The word "unicorn" was originated in 2013 by Aileen Lee, founder and managing partner of Palo Alto’s Cowboy Ventures, in a TechCrunch article where she defined it as any American company that's less than 10 years old and valued at $1 billion or more by private investors or public markets.
Now, the modern business world and global VC & tech community have generally accepted the term as 'a privately held (i.e., not public) tech startup worth $1 billion or more on paper', irrespective of its founding date, sector of operations, and regional focus.
A unicorn company is a privately owned startup business that has reached a valuation of at least $1 billion, based on funding from investors such as venture capital firms, private equity funds, or strategic backers.
Aileen Lee used 'unicorn' to describe how rare it was for startups to achieve such high valuations—comparable to spotting a mythical unicorn creature. Based on that definition and considering the most recent company to join in Q4 2024, there are currently nine companies in Africa with unicorn status as of 2026.
| Company | Sector | Country | Valuation (2026) | Year Valued at $1B+ | Lead Investor(s) |
|---|---|---|---|---|---|
| 1. Interswitch | Fintech | Nigeria | $1B+ unicorn since 2019 | 2019 | Visa |
| 2. Flutterwave | Fintech | Nigeria | Still valued as $3B in 2025–2026 | 2021 | Tiger Global, Avenir Growth |
| 3. OPay | Fintech | Nigeria | $2.7B – $3B based on investor filings | 2021 | SoftBank Vision Fund 2 |
| 4. Wave | Fintech | Senegal | ~$1.7B (2021 round) | 2021 | Sequoia Heritage, Founders Fund, Ribbit Capital, Stripe |
| 5. Andela | Talent/HR Tech | Nigeria | ~$1.5B (2021) | 2021 | SoftBank Vision Fund 2 |
| 6. Chipper | Fintech | Ghana | ~$1.25B (2021) | 2021 | FTX |
| 7. MNT-Halan | Fintech | Egypt | ~$1B in 2023 | 2023 | Chimera Investments |
| 8. Moniepoint | Fintech | Nigeria | Crossed $1B in 2024 funding round | 2024 | DPI |
| 9. Tyme | Fintech | South Africa | Valued at $1.5B (Dec 2024) | 2024 | NU Holdings (Nubank) |
These companies dominate because fintech attracts the largest share of startup funding in Africa. Notably, Andela is the only non-fintech on the list. Some older African unicorns like Jumia are no longer counted because they became public companies (IPO), so they’re no longer “unicorns” by definition. Nigeria's fintech companies lead the list, followed by South Africa, Ghana, Egypt, and Senegal.

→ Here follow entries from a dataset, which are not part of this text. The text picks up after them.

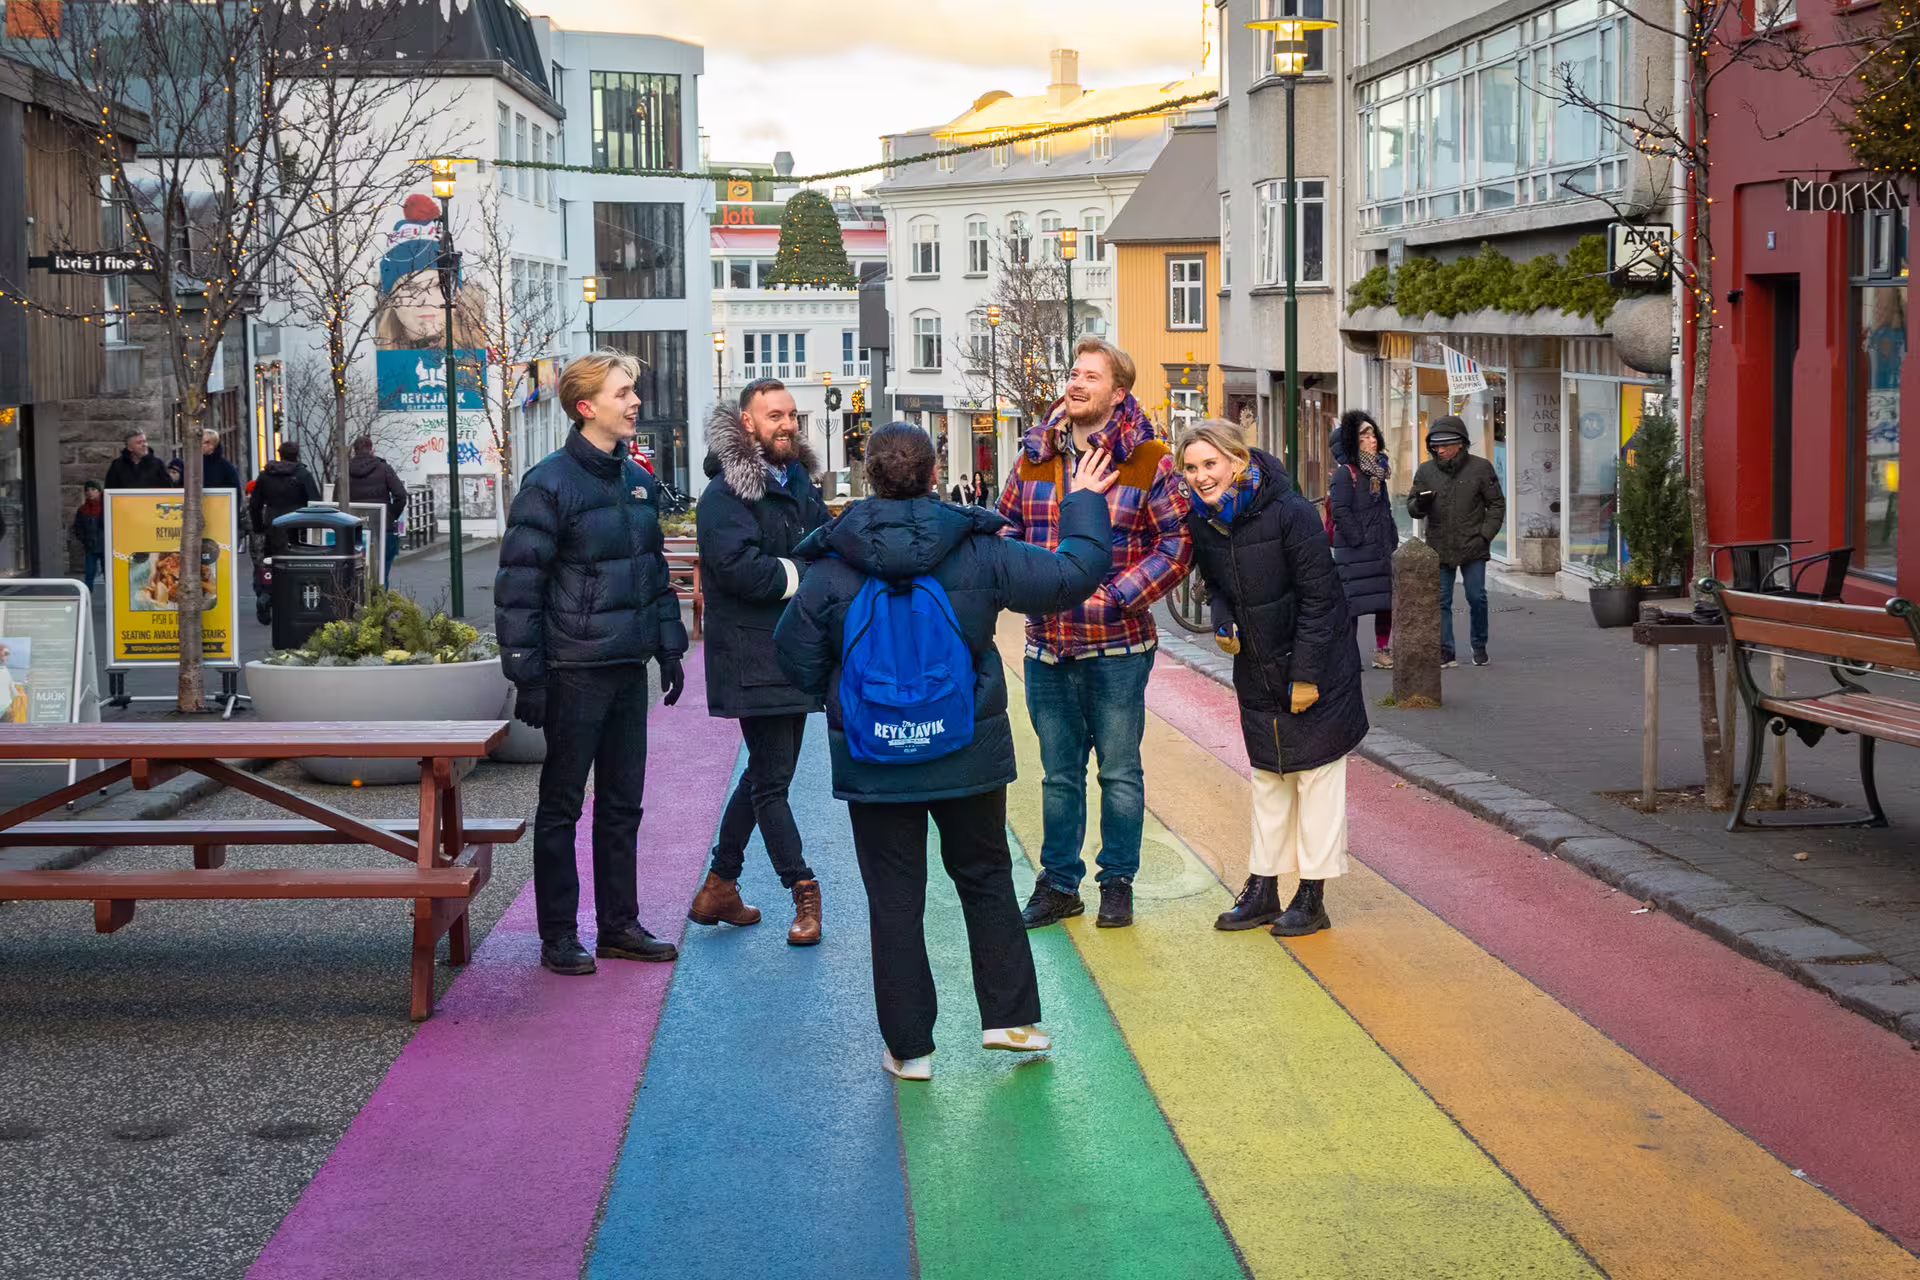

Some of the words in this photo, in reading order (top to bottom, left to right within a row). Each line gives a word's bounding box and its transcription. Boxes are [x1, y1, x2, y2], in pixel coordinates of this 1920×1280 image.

[1792, 179, 1902, 214] MOKKA
[722, 204, 755, 225] loft
[1623, 231, 1665, 246] ATM
[1464, 374, 1480, 382] FREE
[1453, 381, 1482, 391] SHOPPING
[401, 392, 466, 404] REYKJAK
[152, 614, 167, 624] FISH
[121, 630, 151, 640] SEATING
[153, 630, 180, 639] AVAILA
[202, 629, 226, 639] STAIRS
[36, 690, 66, 702] MJÚK
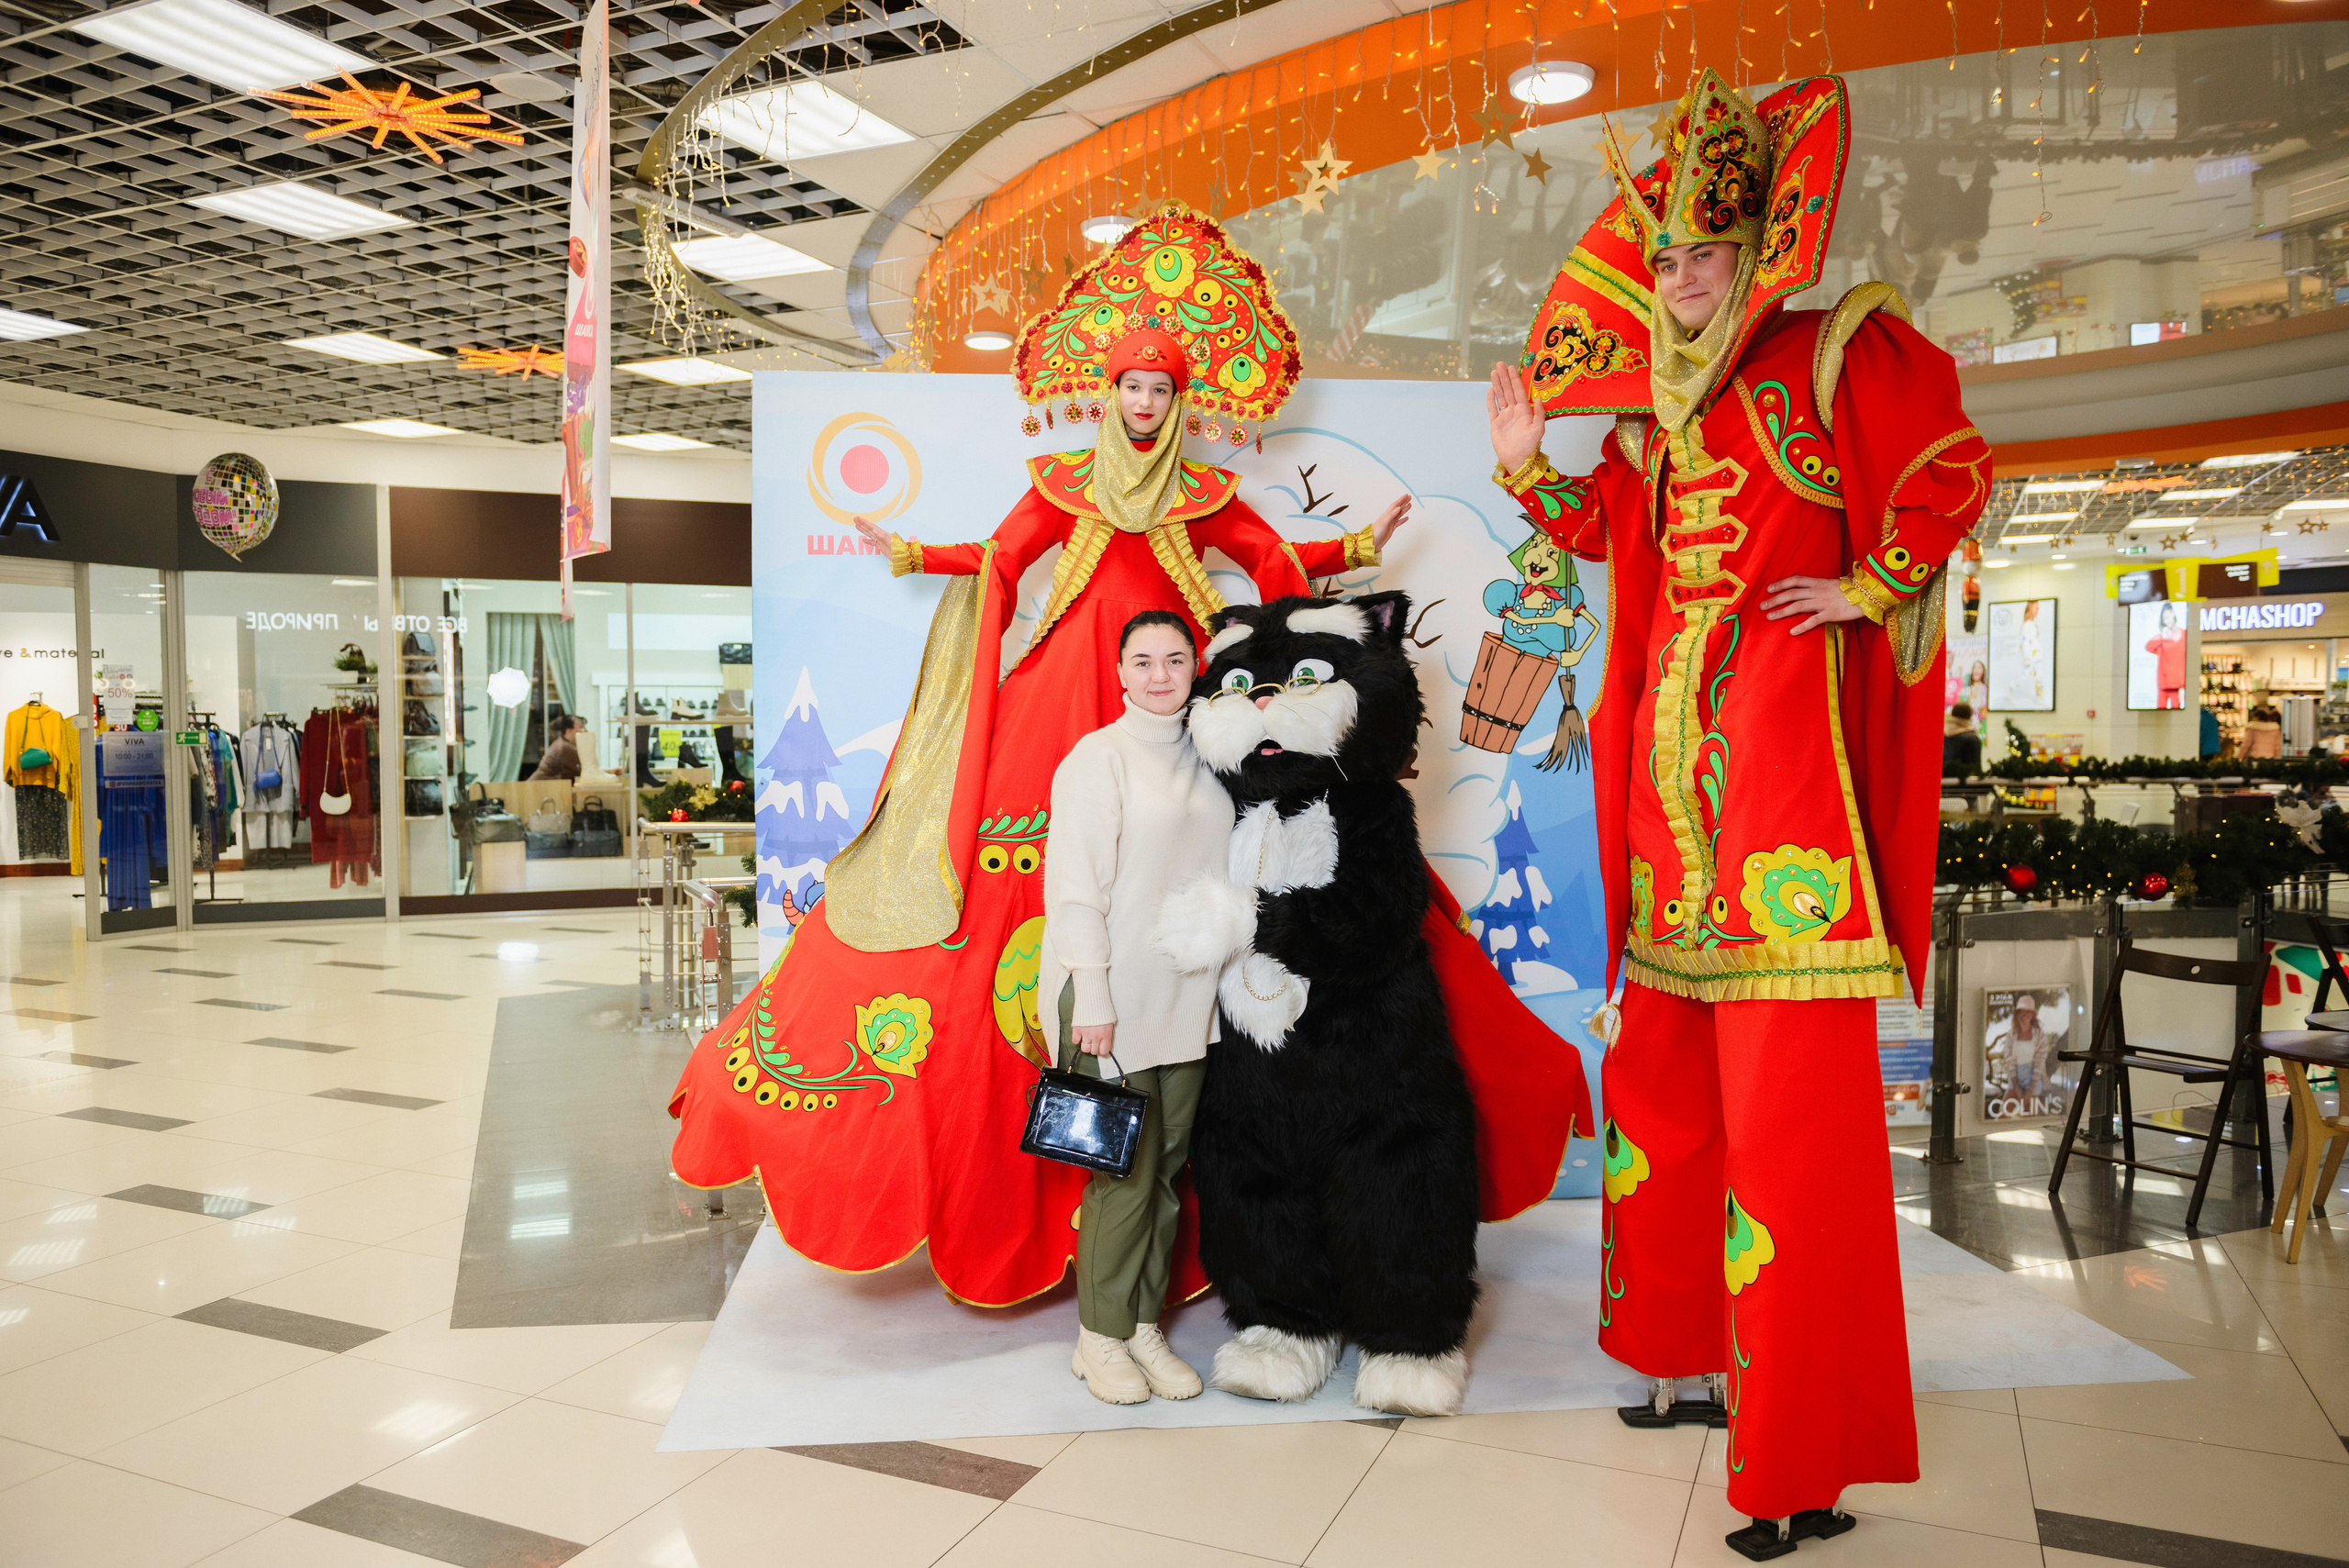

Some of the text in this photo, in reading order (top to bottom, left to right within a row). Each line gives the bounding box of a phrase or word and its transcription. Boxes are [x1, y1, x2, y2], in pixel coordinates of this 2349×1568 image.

[193, 488, 229, 506] ОВЫМ
[807, 534, 918, 556] ШАМ
[2199, 602, 2325, 631] MCHASHOP
[20, 647, 31, 658] &
[34, 648, 105, 660] mateal
[107, 687, 133, 698] 50%
[124, 738, 145, 746] VIVA
[115, 752, 131, 761] 10:00
[1987, 1092, 2064, 1119] COLIN'S

However, we're expecting some companies to come up to the list in 2026. Companies like PalmPay, Kuda, LemFi, M-Kopa, Yoco, and Stitch. These companies are not unicorns yet, but investors expect them to reach $1B soon.
Companies that are close to reaching unicorn status (like these ones) are commonly called "soonicorns". Other related terms are 'minicorn' (usually valued between $100M and $1B) and 'centaur' (generates $100M+ in annual revenue (but is not a valuation-based company)).